__Work order__. Each record below should be given again exactly as it reads.
━━━ Provided entries
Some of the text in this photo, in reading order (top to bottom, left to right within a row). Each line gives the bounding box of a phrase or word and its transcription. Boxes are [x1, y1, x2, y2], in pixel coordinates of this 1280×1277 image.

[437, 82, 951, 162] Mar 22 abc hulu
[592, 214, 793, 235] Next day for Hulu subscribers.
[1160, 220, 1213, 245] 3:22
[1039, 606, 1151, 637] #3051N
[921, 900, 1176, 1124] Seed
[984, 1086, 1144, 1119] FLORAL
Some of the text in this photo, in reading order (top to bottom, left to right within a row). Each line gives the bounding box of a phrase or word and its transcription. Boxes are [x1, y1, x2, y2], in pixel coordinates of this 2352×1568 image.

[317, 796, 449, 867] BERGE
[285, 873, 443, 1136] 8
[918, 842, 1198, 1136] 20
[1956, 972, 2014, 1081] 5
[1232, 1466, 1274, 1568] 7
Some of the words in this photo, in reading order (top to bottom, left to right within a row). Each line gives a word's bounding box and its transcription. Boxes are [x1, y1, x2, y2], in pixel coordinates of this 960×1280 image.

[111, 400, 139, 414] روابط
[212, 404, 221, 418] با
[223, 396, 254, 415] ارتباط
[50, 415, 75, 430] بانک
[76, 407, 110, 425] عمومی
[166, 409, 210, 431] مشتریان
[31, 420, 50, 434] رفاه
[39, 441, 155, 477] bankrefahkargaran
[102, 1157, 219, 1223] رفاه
━━━━━━
__Task answer__.
Some of the text in this photo, in reading order (top to bottom, left to right within a row). Each line gives the bounding box of a phrase or word and its transcription. Boxes are [x1, y1, x2, y2], in pixel coordinates of this 1280×1277 image.

[437, 82, 951, 162] Mar 22 abc hulu
[592, 214, 793, 235] Next day for Hulu subscribers.
[1160, 220, 1213, 245] 3:22
[1039, 606, 1151, 637] #3051N
[921, 900, 1176, 1124] Seed
[984, 1086, 1144, 1119] FLORAL
Some of the text in this photo, in reading order (top to bottom, left to right within a row). Each line gives the bounding box of a phrase or word and its transcription. Boxes are [x1, y1, x2, y2], in pixel coordinates of this 2352×1568 image.

[317, 796, 449, 867] BERGE
[285, 873, 443, 1136] 8
[918, 842, 1198, 1136] 20
[1956, 972, 2014, 1081] 5
[1232, 1466, 1274, 1568] 7
Some of the words in this photo, in reading order (top to bottom, left to right within a row). Each line gives a word's bounding box and its transcription. Boxes are [x1, y1, x2, y2], in pixel coordinates of this 960×1280 image.

[111, 400, 139, 414] روابط
[212, 404, 221, 418] با
[223, 396, 254, 415] ارتباط
[50, 415, 75, 430] بانک
[76, 407, 110, 425] عمومی
[166, 409, 210, 431] مشتریان
[31, 420, 50, 434] رفاه
[39, 441, 155, 477] bankrefahkargaran
[102, 1157, 219, 1223] رفاه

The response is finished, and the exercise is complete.